■ **Image-backed grounding data**:

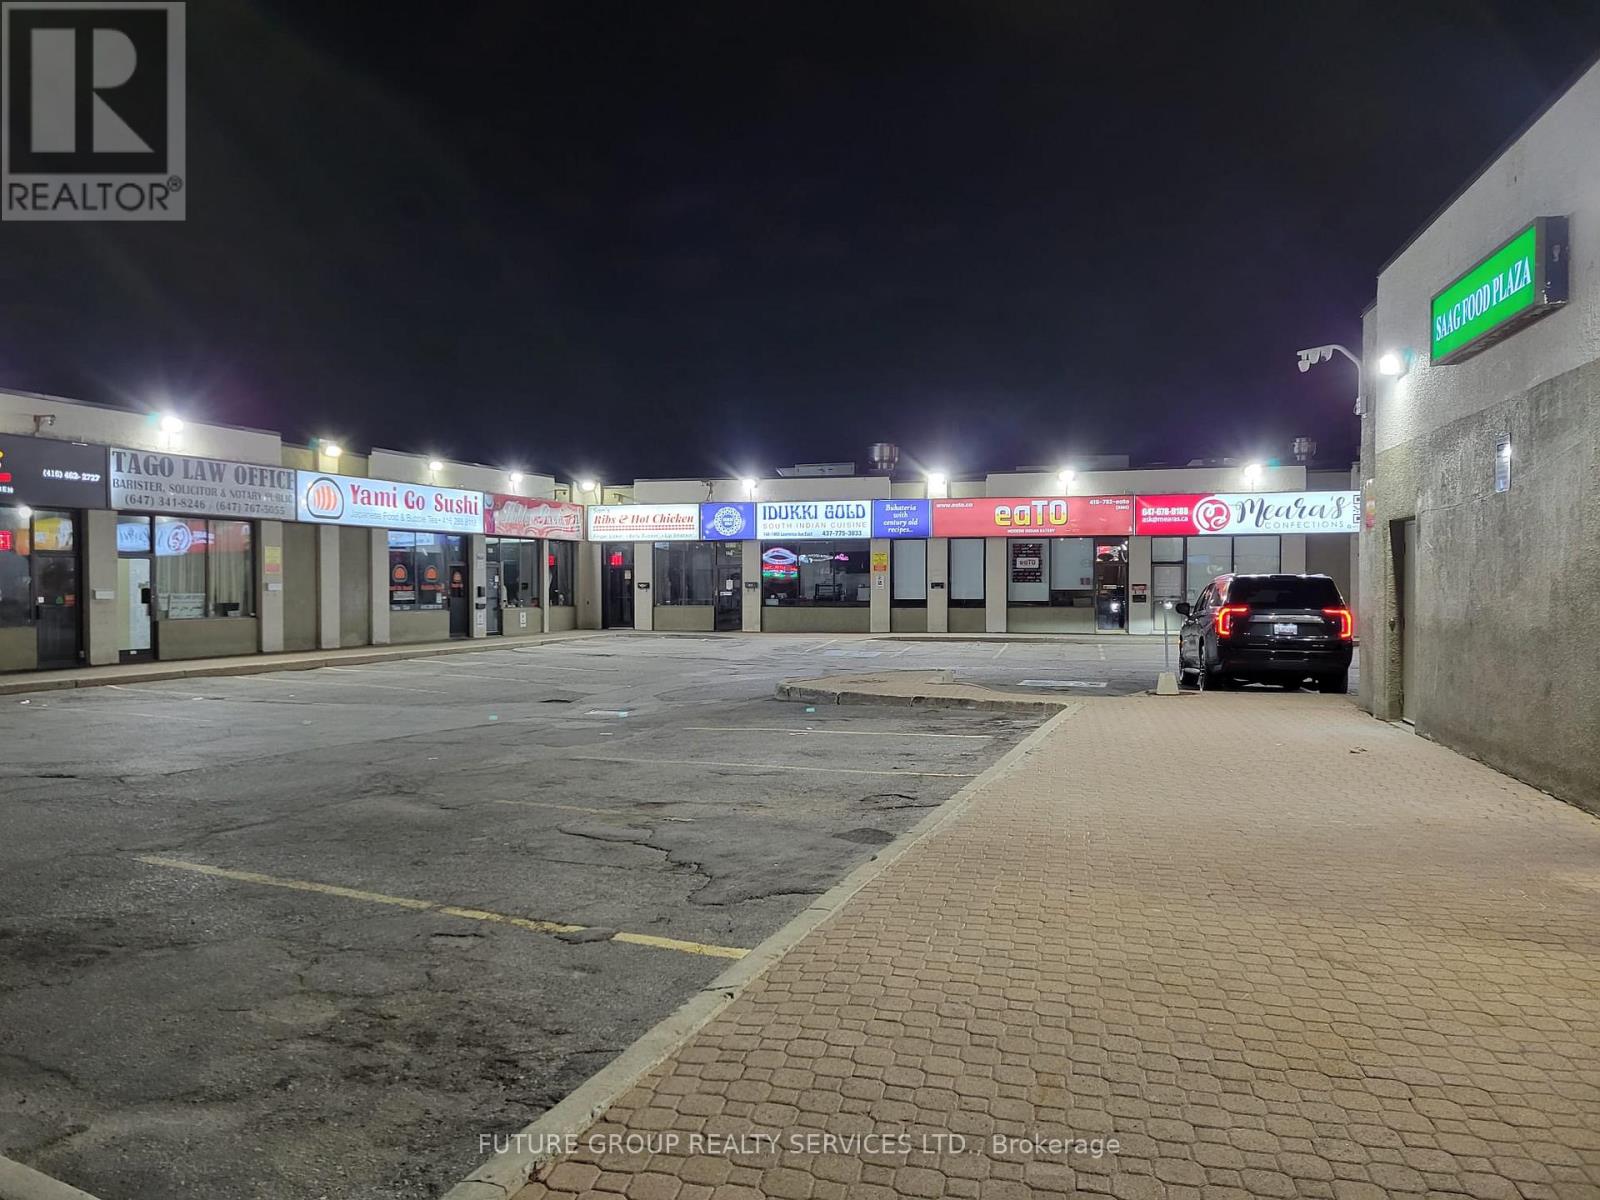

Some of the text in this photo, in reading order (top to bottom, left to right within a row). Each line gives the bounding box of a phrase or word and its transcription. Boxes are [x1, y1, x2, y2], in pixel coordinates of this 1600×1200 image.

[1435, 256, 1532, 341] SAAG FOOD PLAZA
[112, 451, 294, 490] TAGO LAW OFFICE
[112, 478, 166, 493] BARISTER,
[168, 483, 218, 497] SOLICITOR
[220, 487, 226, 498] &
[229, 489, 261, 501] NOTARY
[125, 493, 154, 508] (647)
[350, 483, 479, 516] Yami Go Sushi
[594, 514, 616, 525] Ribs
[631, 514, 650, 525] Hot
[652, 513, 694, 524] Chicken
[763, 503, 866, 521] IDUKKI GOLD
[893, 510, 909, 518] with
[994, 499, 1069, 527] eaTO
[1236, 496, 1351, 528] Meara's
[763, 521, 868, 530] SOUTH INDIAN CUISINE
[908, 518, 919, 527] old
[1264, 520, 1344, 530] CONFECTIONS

■ **INSTRUCTIONS TO FOLLOW**: Reproduce the lines above letter for letter. The pictures stay behind.

■ **REPLY**:
Some of the text in this photo, in reading order (top to bottom, left to right within a row). Each line gives the bounding box of a phrase or word and its transcription. Boxes are [x1, y1, x2, y2], in pixel coordinates of this 1600×1200 image.

[1435, 256, 1532, 341] SAAG FOOD PLAZA
[112, 451, 294, 490] TAGO LAW OFFICE
[112, 478, 166, 493] BARISTER,
[168, 483, 218, 497] SOLICITOR
[220, 487, 226, 498] &
[229, 489, 261, 501] NOTARY
[125, 493, 154, 508] (647)
[350, 483, 479, 516] Yami Go Sushi
[594, 514, 616, 525] Ribs
[631, 514, 650, 525] Hot
[652, 513, 694, 524] Chicken
[763, 503, 866, 521] IDUKKI GOLD
[893, 510, 909, 518] with
[994, 499, 1069, 527] eaTO
[1236, 496, 1351, 528] Meara's
[763, 521, 868, 530] SOUTH INDIAN CUISINE
[908, 518, 919, 527] old
[1264, 520, 1344, 530] CONFECTIONS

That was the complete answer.